→ **MATERIAL SHOWN**
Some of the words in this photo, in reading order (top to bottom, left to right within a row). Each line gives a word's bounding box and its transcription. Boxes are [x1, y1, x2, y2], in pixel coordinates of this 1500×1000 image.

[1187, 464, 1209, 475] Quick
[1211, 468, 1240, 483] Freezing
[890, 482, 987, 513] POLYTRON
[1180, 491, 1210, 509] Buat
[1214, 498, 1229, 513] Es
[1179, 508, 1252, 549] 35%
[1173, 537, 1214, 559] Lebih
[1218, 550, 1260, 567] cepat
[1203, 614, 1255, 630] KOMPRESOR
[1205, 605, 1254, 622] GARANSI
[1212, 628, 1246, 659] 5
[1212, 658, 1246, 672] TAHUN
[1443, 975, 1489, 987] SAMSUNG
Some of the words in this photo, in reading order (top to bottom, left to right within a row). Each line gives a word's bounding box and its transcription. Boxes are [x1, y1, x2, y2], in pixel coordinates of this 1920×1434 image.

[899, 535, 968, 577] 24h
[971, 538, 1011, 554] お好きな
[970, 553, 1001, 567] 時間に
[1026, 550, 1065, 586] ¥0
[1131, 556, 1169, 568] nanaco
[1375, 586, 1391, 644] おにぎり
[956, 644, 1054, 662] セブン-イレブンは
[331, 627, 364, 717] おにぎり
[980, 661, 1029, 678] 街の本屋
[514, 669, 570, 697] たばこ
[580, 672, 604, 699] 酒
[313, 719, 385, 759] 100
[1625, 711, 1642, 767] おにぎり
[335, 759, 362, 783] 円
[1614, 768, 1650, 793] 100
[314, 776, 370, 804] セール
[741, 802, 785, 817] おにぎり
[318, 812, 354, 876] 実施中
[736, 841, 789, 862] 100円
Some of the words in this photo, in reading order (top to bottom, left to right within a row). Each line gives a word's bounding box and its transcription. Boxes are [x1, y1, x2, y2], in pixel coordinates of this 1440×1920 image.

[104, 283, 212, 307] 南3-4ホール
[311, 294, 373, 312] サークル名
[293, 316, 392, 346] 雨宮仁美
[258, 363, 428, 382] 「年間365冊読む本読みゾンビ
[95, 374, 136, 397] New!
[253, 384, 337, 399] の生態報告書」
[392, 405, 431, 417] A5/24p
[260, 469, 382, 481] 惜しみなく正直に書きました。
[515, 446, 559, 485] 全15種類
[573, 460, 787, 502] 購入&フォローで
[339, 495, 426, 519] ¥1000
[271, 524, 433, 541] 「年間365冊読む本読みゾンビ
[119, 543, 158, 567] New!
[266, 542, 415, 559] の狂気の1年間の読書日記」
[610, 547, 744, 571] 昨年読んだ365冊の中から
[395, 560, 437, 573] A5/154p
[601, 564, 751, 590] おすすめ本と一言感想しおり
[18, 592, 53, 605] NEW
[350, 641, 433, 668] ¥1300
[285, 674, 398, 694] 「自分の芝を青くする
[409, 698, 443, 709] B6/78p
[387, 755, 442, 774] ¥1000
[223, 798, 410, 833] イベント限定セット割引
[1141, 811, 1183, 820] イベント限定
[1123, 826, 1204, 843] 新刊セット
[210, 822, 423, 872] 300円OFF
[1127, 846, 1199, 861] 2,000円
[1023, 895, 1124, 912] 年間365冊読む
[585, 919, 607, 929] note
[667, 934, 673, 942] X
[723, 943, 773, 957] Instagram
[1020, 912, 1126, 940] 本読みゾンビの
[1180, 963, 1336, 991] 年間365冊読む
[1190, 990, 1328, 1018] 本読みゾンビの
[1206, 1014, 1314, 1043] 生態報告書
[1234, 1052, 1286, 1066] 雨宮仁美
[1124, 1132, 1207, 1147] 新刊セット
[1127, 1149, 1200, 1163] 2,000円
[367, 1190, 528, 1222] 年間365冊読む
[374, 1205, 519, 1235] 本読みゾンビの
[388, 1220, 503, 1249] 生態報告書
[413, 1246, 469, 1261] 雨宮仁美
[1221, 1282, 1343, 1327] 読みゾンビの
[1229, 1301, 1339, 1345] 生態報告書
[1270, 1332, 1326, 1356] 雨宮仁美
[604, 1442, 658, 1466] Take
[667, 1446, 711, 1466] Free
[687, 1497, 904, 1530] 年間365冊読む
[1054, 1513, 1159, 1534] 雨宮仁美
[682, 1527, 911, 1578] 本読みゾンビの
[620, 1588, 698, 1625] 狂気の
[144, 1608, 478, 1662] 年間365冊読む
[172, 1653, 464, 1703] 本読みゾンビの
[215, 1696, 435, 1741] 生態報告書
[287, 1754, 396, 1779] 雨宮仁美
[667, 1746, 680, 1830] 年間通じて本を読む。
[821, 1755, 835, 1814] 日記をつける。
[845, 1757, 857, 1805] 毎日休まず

→ **ACTIVITY**
Please output the full listing, keeping every character the same.

→ **ANSWER SECTION**
Some of the words in this photo, in reading order (top to bottom, left to right within a row). Each line gives a word's bounding box and its transcription. Boxes are [x1, y1, x2, y2], in pixel coordinates of this 1500×1000 image.

[1187, 464, 1209, 475] Quick
[1211, 468, 1240, 483] Freezing
[890, 482, 987, 513] POLYTRON
[1180, 491, 1210, 509] Buat
[1214, 498, 1229, 513] Es
[1179, 508, 1252, 549] 35%
[1173, 537, 1214, 559] Lebih
[1218, 550, 1260, 567] cepat
[1203, 614, 1255, 630] KOMPRESOR
[1205, 605, 1254, 622] GARANSI
[1212, 628, 1246, 659] 5
[1212, 658, 1246, 672] TAHUN
[1443, 975, 1489, 987] SAMSUNG
Some of the words in this photo, in reading order (top to bottom, left to right within a row). Each line gives a word's bounding box and its transcription. Boxes are [x1, y1, x2, y2], in pixel coordinates of this 1920×1434 image.

[899, 535, 968, 577] 24h
[971, 538, 1011, 554] お好きな
[970, 553, 1001, 567] 時間に
[1026, 550, 1065, 586] ¥0
[1131, 556, 1169, 568] nanaco
[1375, 586, 1391, 644] おにぎり
[956, 644, 1054, 662] セブン-イレブンは
[331, 627, 364, 717] おにぎり
[980, 661, 1029, 678] 街の本屋
[514, 669, 570, 697] たばこ
[580, 672, 604, 699] 酒
[313, 719, 385, 759] 100
[1625, 711, 1642, 767] おにぎり
[335, 759, 362, 783] 円
[1614, 768, 1650, 793] 100
[314, 776, 370, 804] セール
[741, 802, 785, 817] おにぎり
[318, 812, 354, 876] 実施中
[736, 841, 789, 862] 100円
Some of the words in this photo, in reading order (top to bottom, left to right within a row). Each line gives a word's bounding box and its transcription. Boxes are [x1, y1, x2, y2], in pixel coordinates of this 1440×1920 image.

[104, 283, 212, 307] 南3-4ホール
[311, 294, 373, 312] サークル名
[293, 316, 392, 346] 雨宮仁美
[258, 363, 428, 382] 「年間365冊読む本読みゾンビ
[95, 374, 136, 397] New!
[253, 384, 337, 399] の生態報告書」
[392, 405, 431, 417] A5/24p
[260, 469, 382, 481] 惜しみなく正直に書きました。
[515, 446, 559, 485] 全15種類
[573, 460, 787, 502] 購入&フォローで
[339, 495, 426, 519] ¥1000
[271, 524, 433, 541] 「年間365冊読む本読みゾンビ
[119, 543, 158, 567] New!
[266, 542, 415, 559] の狂気の1年間の読書日記」
[610, 547, 744, 571] 昨年読んだ365冊の中から
[395, 560, 437, 573] A5/154p
[601, 564, 751, 590] おすすめ本と一言感想しおり
[18, 592, 53, 605] NEW
[350, 641, 433, 668] ¥1300
[285, 674, 398, 694] 「自分の芝を青くする
[409, 698, 443, 709] B6/78p
[387, 755, 442, 774] ¥1000
[223, 798, 410, 833] イベント限定セット割引
[1141, 811, 1183, 820] イベント限定
[1123, 826, 1204, 843] 新刊セット
[210, 822, 423, 872] 300円OFF
[1127, 846, 1199, 861] 2,000円
[1023, 895, 1124, 912] 年間365冊読む
[585, 919, 607, 929] note
[667, 934, 673, 942] X
[723, 943, 773, 957] Instagram
[1020, 912, 1126, 940] 本読みゾンビの
[1180, 963, 1336, 991] 年間365冊読む
[1190, 990, 1328, 1018] 本読みゾンビの
[1206, 1014, 1314, 1043] 生態報告書
[1234, 1052, 1286, 1066] 雨宮仁美
[1124, 1132, 1207, 1147] 新刊セット
[1127, 1149, 1200, 1163] 2,000円
[367, 1190, 528, 1222] 年間365冊読む
[374, 1205, 519, 1235] 本読みゾンビの
[388, 1220, 503, 1249] 生態報告書
[413, 1246, 469, 1261] 雨宮仁美
[1221, 1282, 1343, 1327] 読みゾンビの
[1229, 1301, 1339, 1345] 生態報告書
[1270, 1332, 1326, 1356] 雨宮仁美
[604, 1442, 658, 1466] Take
[667, 1446, 711, 1466] Free
[687, 1497, 904, 1530] 年間365冊読む
[1054, 1513, 1159, 1534] 雨宮仁美
[682, 1527, 911, 1578] 本読みゾンビの
[620, 1588, 698, 1625] 狂気の
[144, 1608, 478, 1662] 年間365冊読む
[172, 1653, 464, 1703] 本読みゾンビの
[215, 1696, 435, 1741] 生態報告書
[287, 1754, 396, 1779] 雨宮仁美
[667, 1746, 680, 1830] 年間通じて本を読む。
[821, 1755, 835, 1814] 日記をつける。
[845, 1757, 857, 1805] 毎日休まず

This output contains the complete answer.